Merci, Madame Sabol, for not mincing mots. She is not alone. On July 19, Jay from Minneapolis captioned his review on TripAdvisor “Pretentious and Overrated is Never a Good Combination”. On July 17, Jamie from New York wrote, “Upon arriving, while telling the doorman the name of my reservation, I was interrupted by another staff member who said, ‘I don’t care if they are with the Queen of England…that party right there isn’t being seated’.”
Let’s leave that mob scene for the southeast corner of Times Square, where the Hotel Knickerbocker, whose 1906 Beaux Arts facade is landmarked and mercifully cannot be altered, just underwent a $ 240 million gut renovation of its interior. Ay yi yi.

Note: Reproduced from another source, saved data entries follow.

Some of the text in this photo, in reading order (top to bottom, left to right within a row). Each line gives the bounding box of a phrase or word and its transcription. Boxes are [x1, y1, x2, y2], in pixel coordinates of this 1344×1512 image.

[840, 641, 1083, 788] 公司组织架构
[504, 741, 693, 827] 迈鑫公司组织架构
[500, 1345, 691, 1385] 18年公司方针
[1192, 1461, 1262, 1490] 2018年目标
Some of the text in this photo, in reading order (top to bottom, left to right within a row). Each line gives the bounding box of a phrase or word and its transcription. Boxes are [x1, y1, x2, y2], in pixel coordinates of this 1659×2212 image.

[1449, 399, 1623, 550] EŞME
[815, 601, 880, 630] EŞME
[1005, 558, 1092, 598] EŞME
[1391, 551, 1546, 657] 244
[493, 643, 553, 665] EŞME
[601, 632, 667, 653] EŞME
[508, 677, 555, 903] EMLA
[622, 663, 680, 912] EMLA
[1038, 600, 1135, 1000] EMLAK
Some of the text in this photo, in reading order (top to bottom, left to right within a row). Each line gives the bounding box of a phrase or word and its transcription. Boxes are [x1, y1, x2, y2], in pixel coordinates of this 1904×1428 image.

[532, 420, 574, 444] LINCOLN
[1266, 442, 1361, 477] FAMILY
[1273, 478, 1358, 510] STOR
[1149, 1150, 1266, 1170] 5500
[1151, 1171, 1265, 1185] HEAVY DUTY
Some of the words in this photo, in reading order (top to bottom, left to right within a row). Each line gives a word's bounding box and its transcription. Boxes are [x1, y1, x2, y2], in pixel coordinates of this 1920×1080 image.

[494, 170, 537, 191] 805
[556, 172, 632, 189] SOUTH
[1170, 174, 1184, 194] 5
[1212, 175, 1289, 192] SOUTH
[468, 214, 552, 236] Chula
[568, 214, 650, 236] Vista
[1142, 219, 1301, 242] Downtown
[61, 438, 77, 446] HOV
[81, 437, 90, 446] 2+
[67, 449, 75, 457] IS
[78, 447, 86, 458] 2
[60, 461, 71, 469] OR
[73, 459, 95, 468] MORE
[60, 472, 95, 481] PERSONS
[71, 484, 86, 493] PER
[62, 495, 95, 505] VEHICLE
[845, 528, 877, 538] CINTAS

Well-known chef Charlie Palmer was put in charge of the three restaurants. In this week’s issue of The New Yorker, Amelia Lester, executive editor of newyorker.com, paid a visit to the main dining room and delivers her verdict:
“At the new Knickerbocker hotel restaurant, there’s nothing heavier than the weight of history, although the halibut croquettes come close. Where does the fry end and the fish begin? The chili-lime aoli on the side isn’t saying.
“Order a champagne cocktail on a Tuesday night at the bar, and the spiral of lemon rind bobbing on the bubbles looks like it’s having more fun than the clientele. It’s hard to believe that the Knick, recently converted from offices back into a hotel, was once a drinking spot so beloved that, six years into Prohibition, this magazine was still lamenting its closure.
“Encased in marble, sheathed in chain-metal drapes, the dining room is so insistently anonymous that you’d never know it looks out on the Crossroads of the World, or even on one of the city’s larger H&Ms—let alone that Enrico Caruso sang from the balcony of this hotel on Armistice Day.
“The tuna tartare is served icebox cold, but, on the bright side, hotel restaurants, including this one, are probably the only places where you can begin dinner with fried chicken, chase it with a salumi plate, follow up with Asian-inspired sea scallops, and end with crème brûlée.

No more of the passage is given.